- [PROBLEM STATEMENT]:
Copy the lines below word for word, skipping any image.

___ GIVEN INFORMATION ___

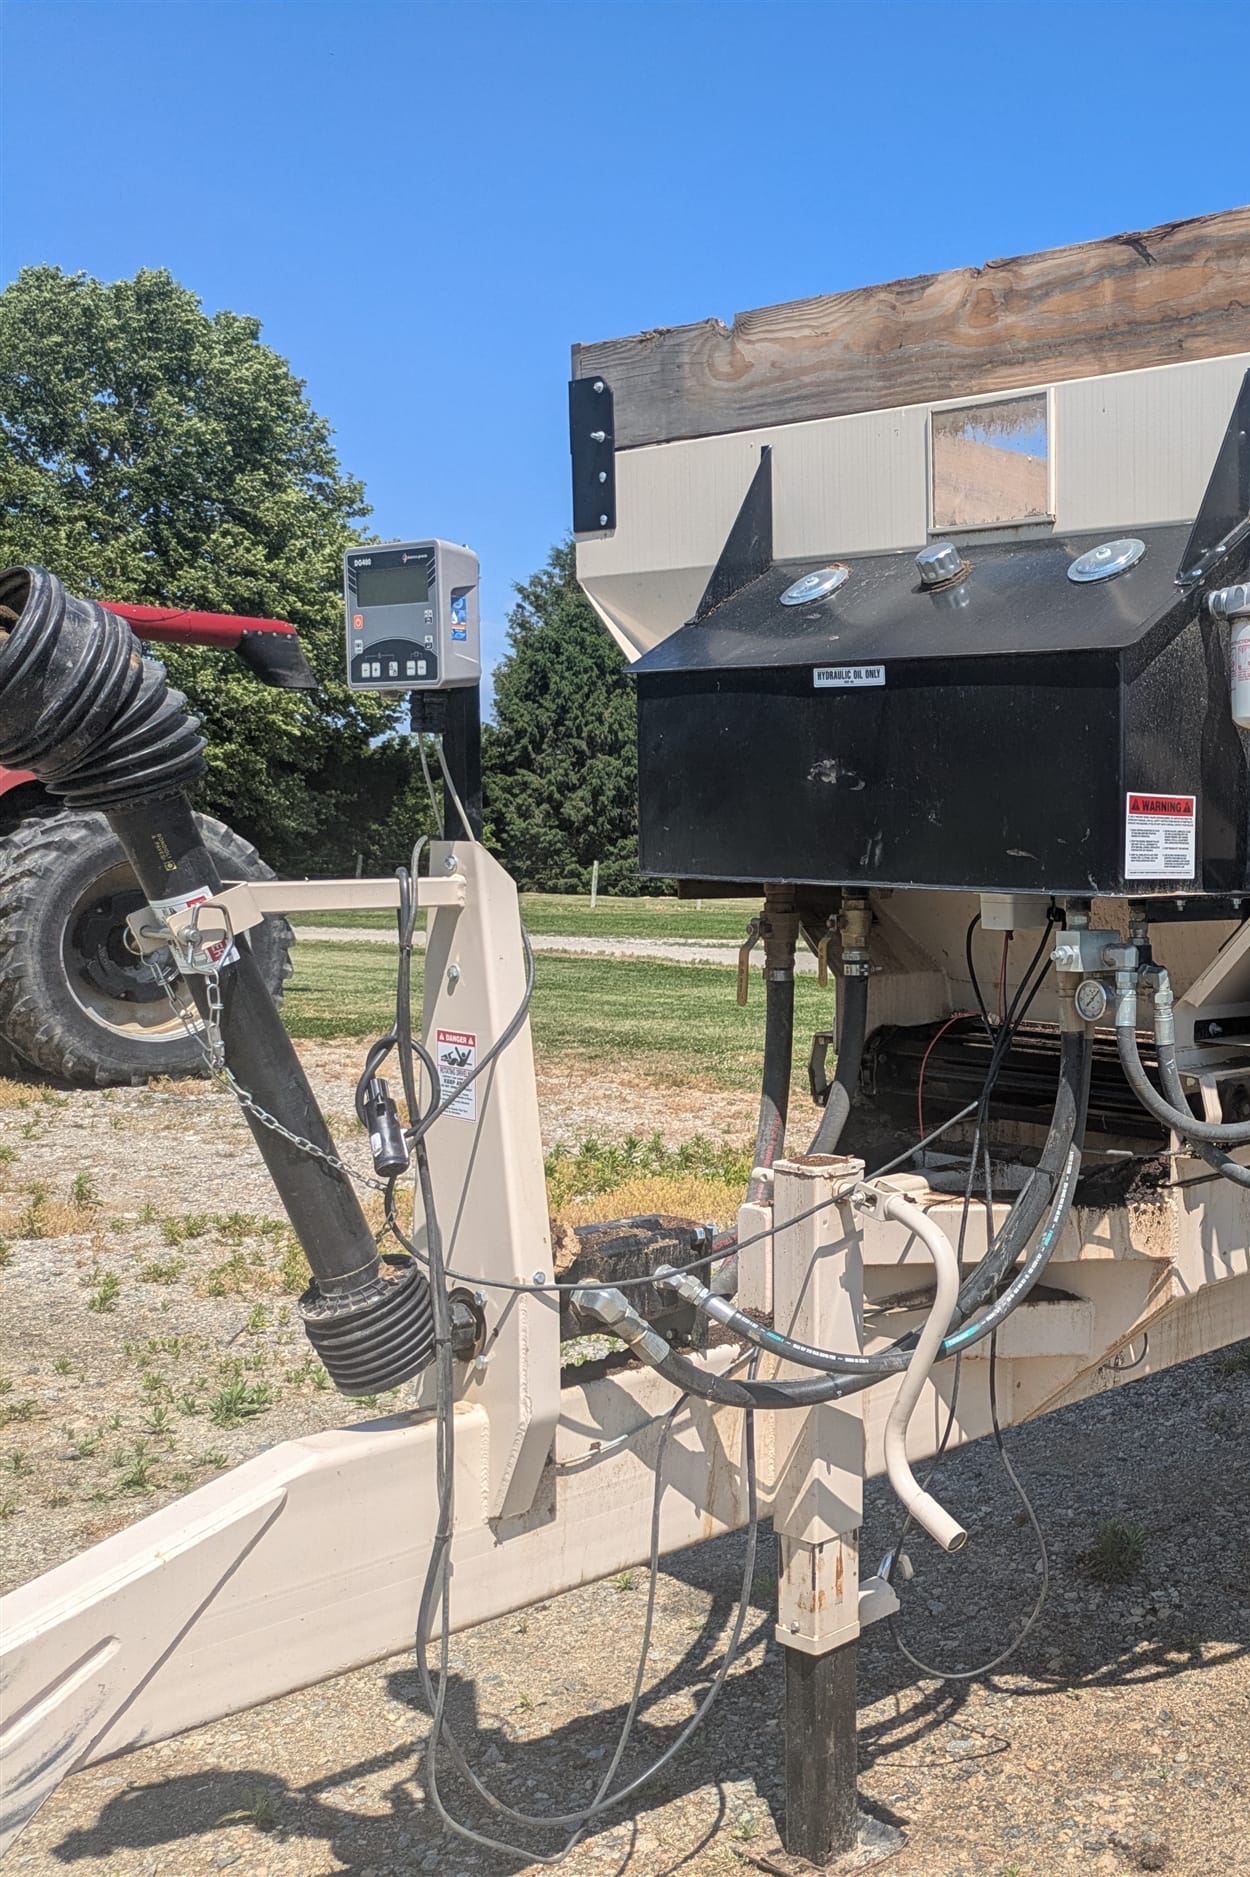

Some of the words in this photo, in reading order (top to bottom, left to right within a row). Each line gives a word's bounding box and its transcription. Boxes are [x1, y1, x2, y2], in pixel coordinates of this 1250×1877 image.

[817, 670, 851, 680] HYDRAULIC
[853, 670, 863, 679] OIL
[865, 669, 880, 679] ONLY
[1141, 800, 1182, 813] WARNING
[445, 1034, 468, 1043] DANGER
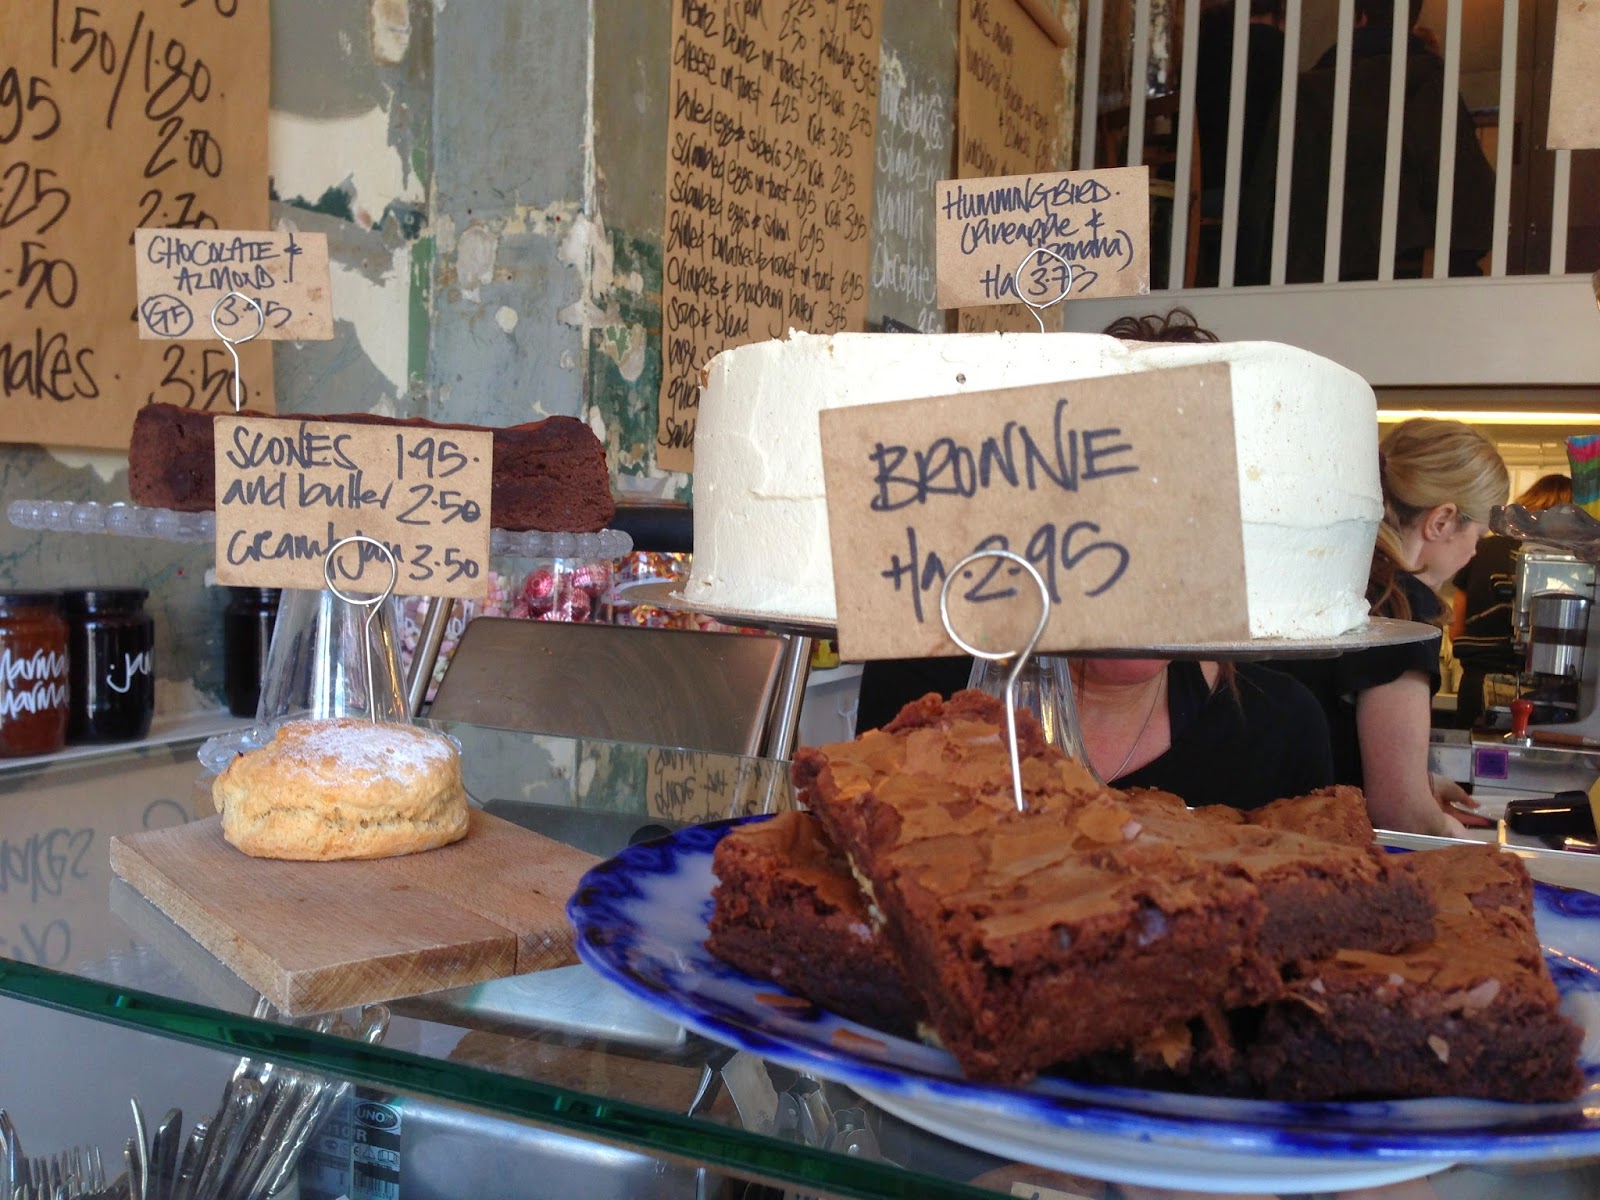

___

- [WRITTEN ANSWER]:
Some of the words in this photo, in reading order (top to bottom, left to right within a row). Each line gives a word's bounding box and its transcription. Boxes are [x1, y1, x2, y2], in pixel coordinates of this 1250×1877 image.

[817, 670, 851, 680] HYDRAULIC
[853, 670, 863, 679] OIL
[865, 669, 880, 679] ONLY
[1141, 800, 1182, 813] WARNING
[445, 1034, 468, 1043] DANGER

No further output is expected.